(Beginning of Exercise material)
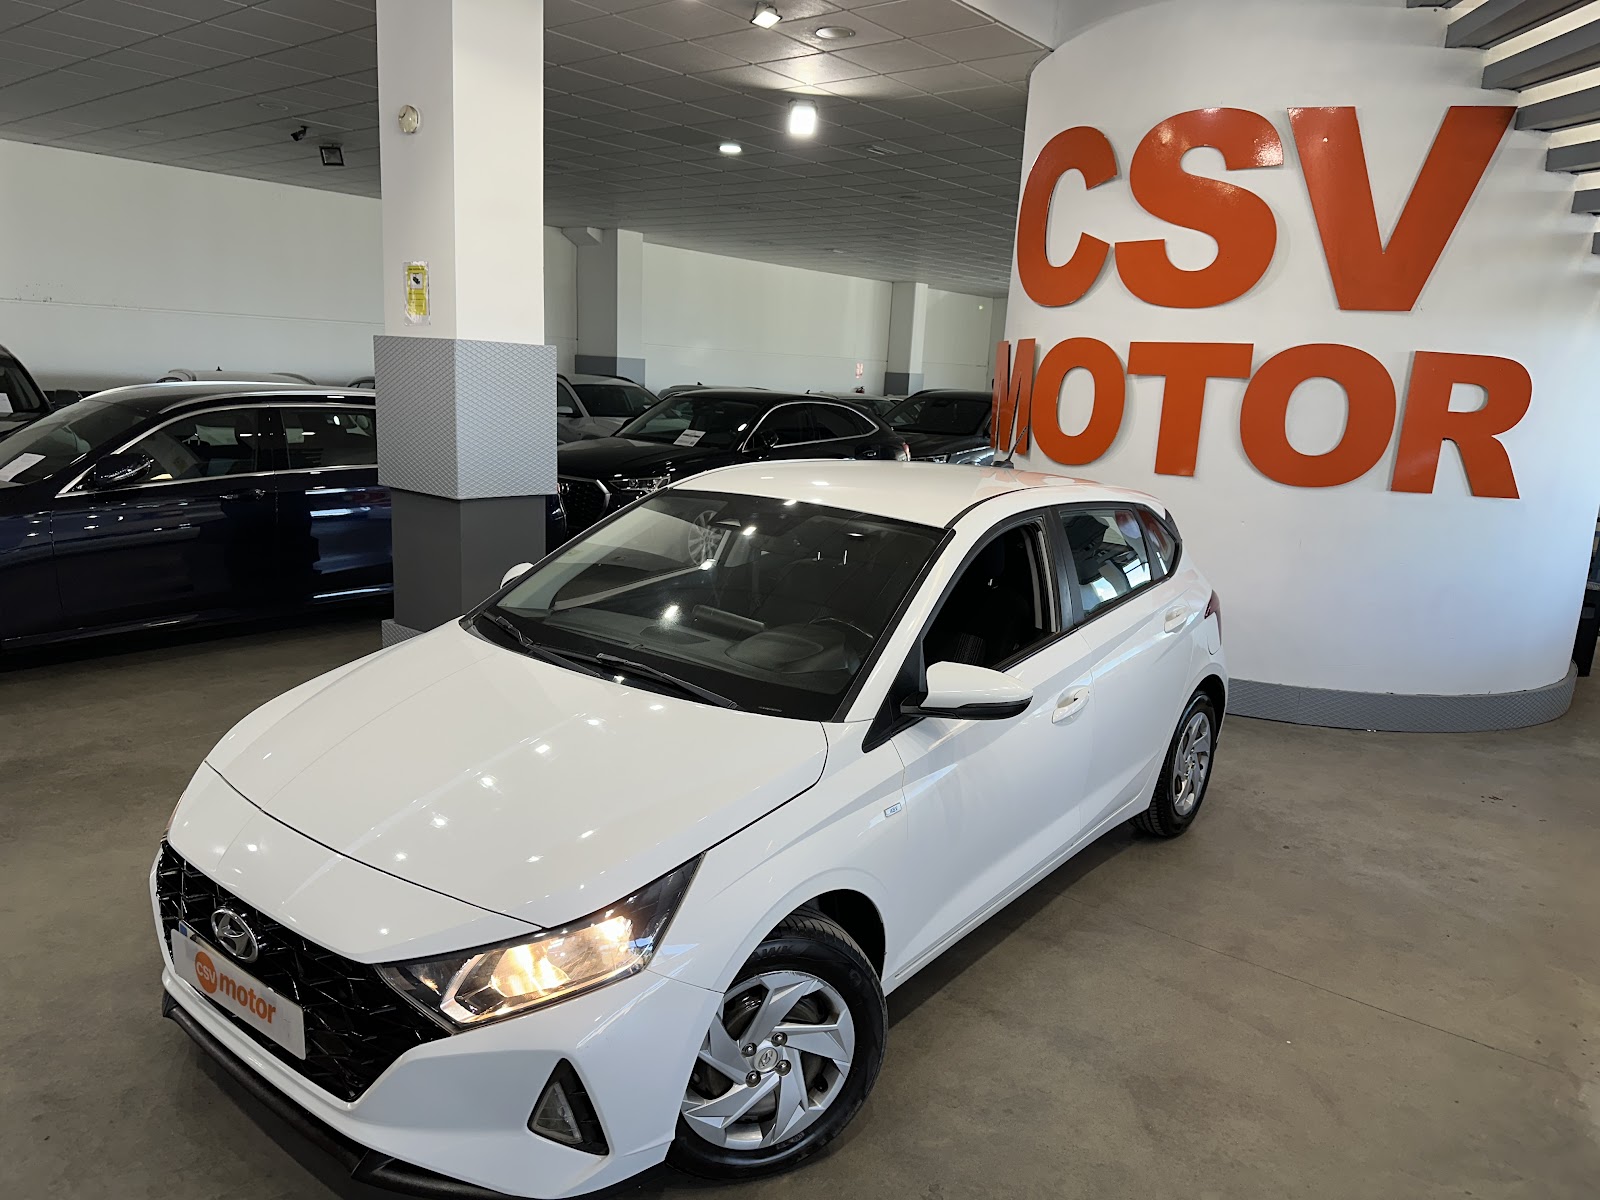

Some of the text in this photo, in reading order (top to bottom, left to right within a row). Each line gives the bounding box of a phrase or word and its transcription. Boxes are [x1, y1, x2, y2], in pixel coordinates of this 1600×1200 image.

[1017, 106, 1518, 312] CSV
[989, 337, 1532, 499] MOTOR
[196, 961, 277, 1024] CSV motor
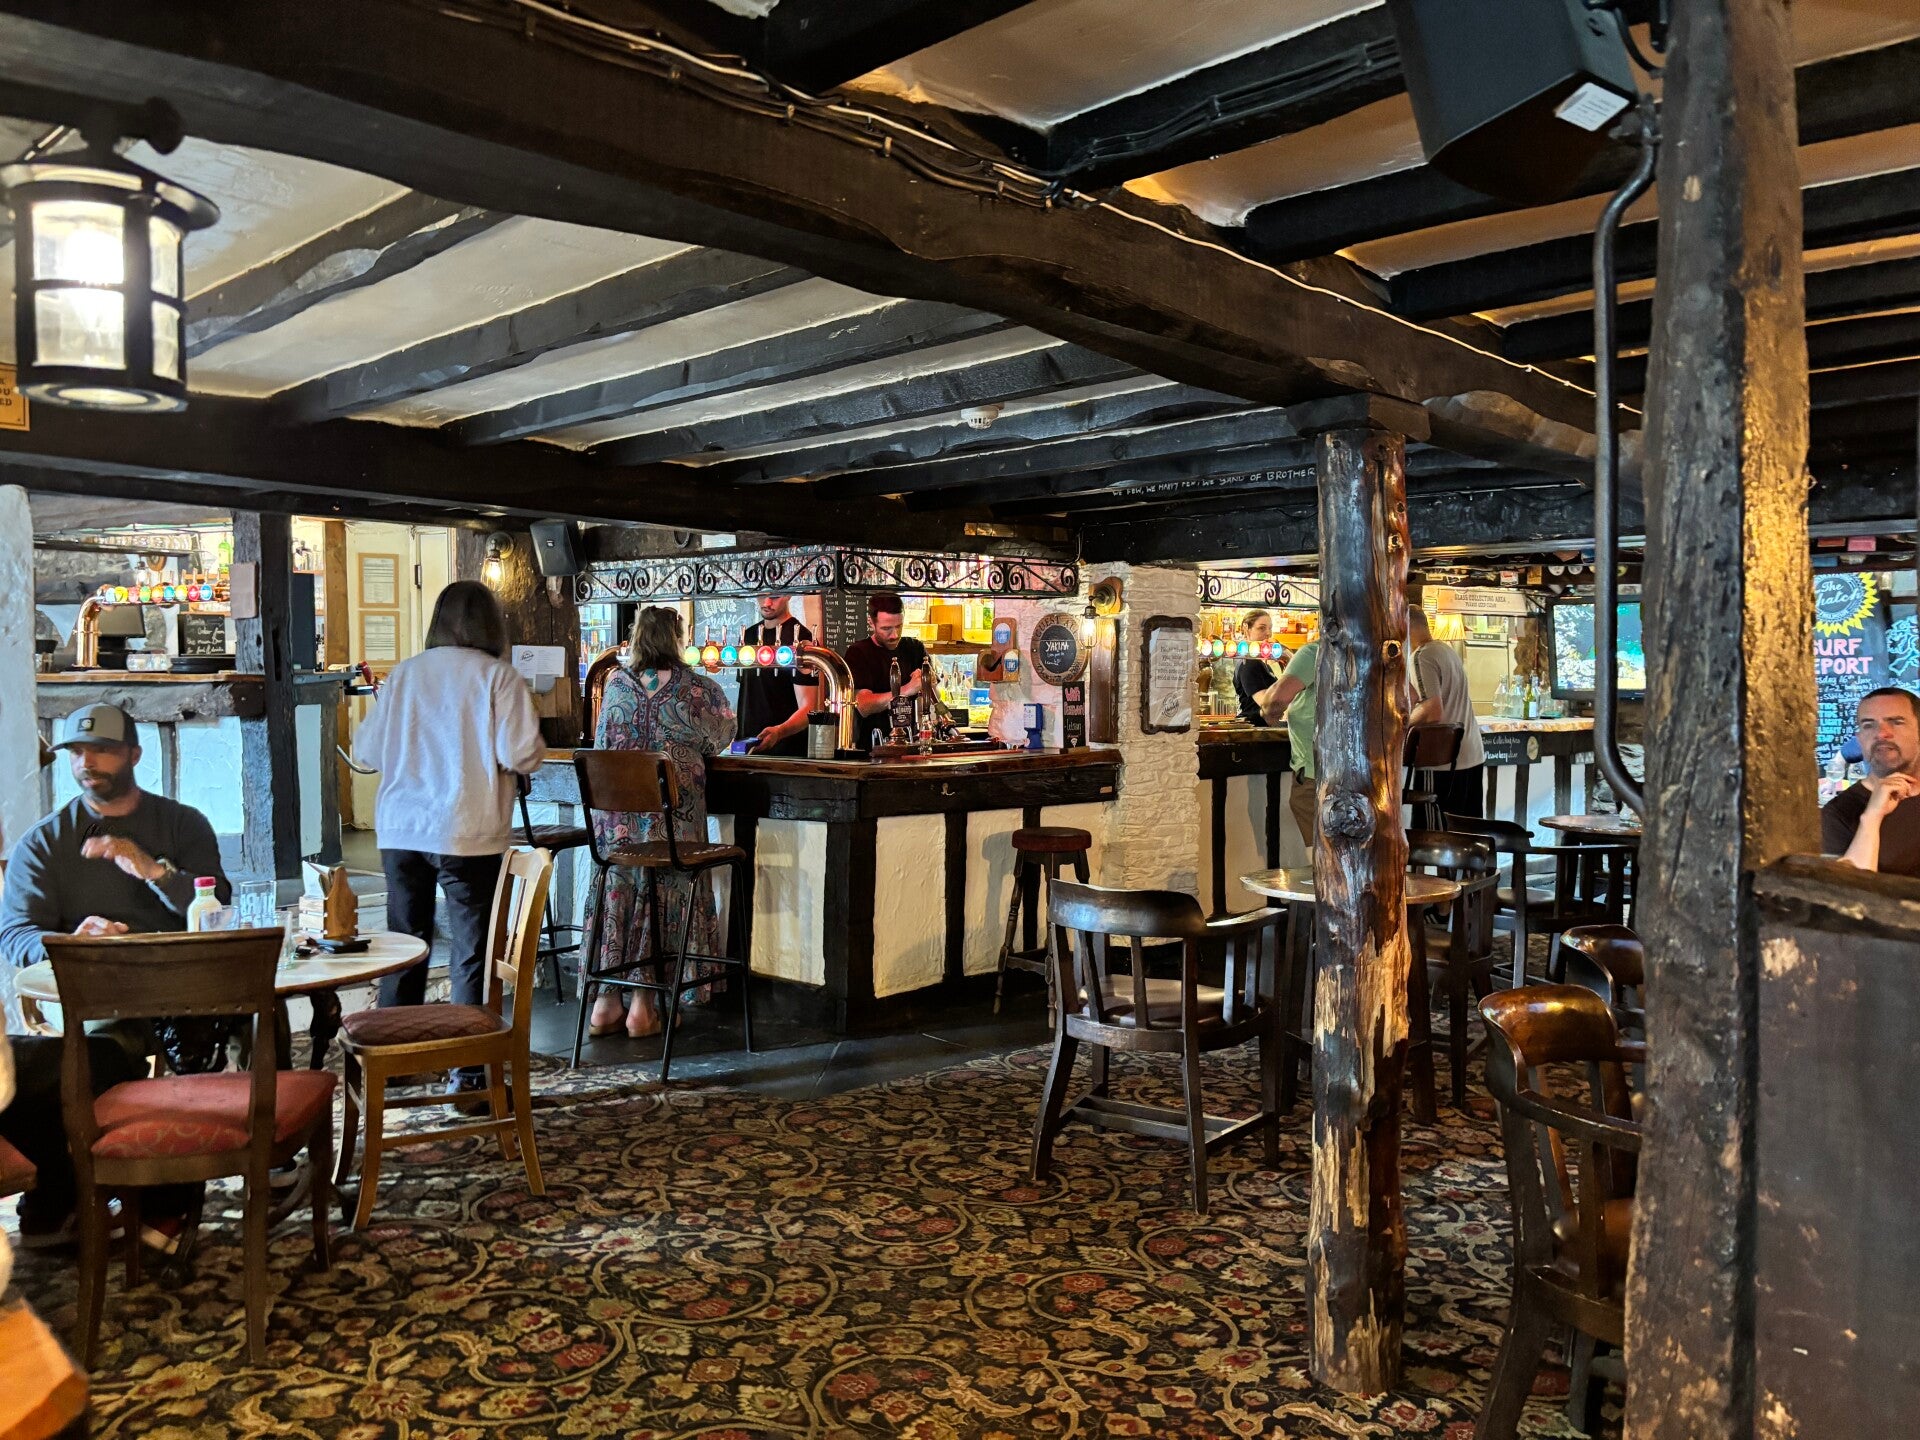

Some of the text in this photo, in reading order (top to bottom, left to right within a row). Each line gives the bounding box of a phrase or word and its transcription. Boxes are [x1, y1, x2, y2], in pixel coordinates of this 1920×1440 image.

[1250, 473, 1261, 481] OF
[1821, 580, 1844, 592] The
[1814, 657, 1873, 675] EPORT
(End of Exercise material)
=== Instructions for the task ===
Without the pictures, copy all of the entries exactly as they appear.

=== Response to this exercise ===
Some of the text in this photo, in reading order (top to bottom, left to right within a row). Each line gives the bounding box of a phrase or word and its transcription. Boxes are [x1, y1, x2, y2], in pixel coordinates of this 1600×1200 image.

[1017, 106, 1518, 312] CSV
[989, 337, 1532, 499] MOTOR
[196, 961, 277, 1024] CSV motor

Some of the text in this photo, in reading order (top to bottom, left to right within a row). Each line gives the bounding box of a phrase or word and its transcription. Boxes are [x1, y1, x2, y2], in pixel coordinates of this 1920×1440 image.

[1250, 473, 1261, 481] OF
[1821, 580, 1844, 592] The
[1814, 657, 1873, 675] EPORT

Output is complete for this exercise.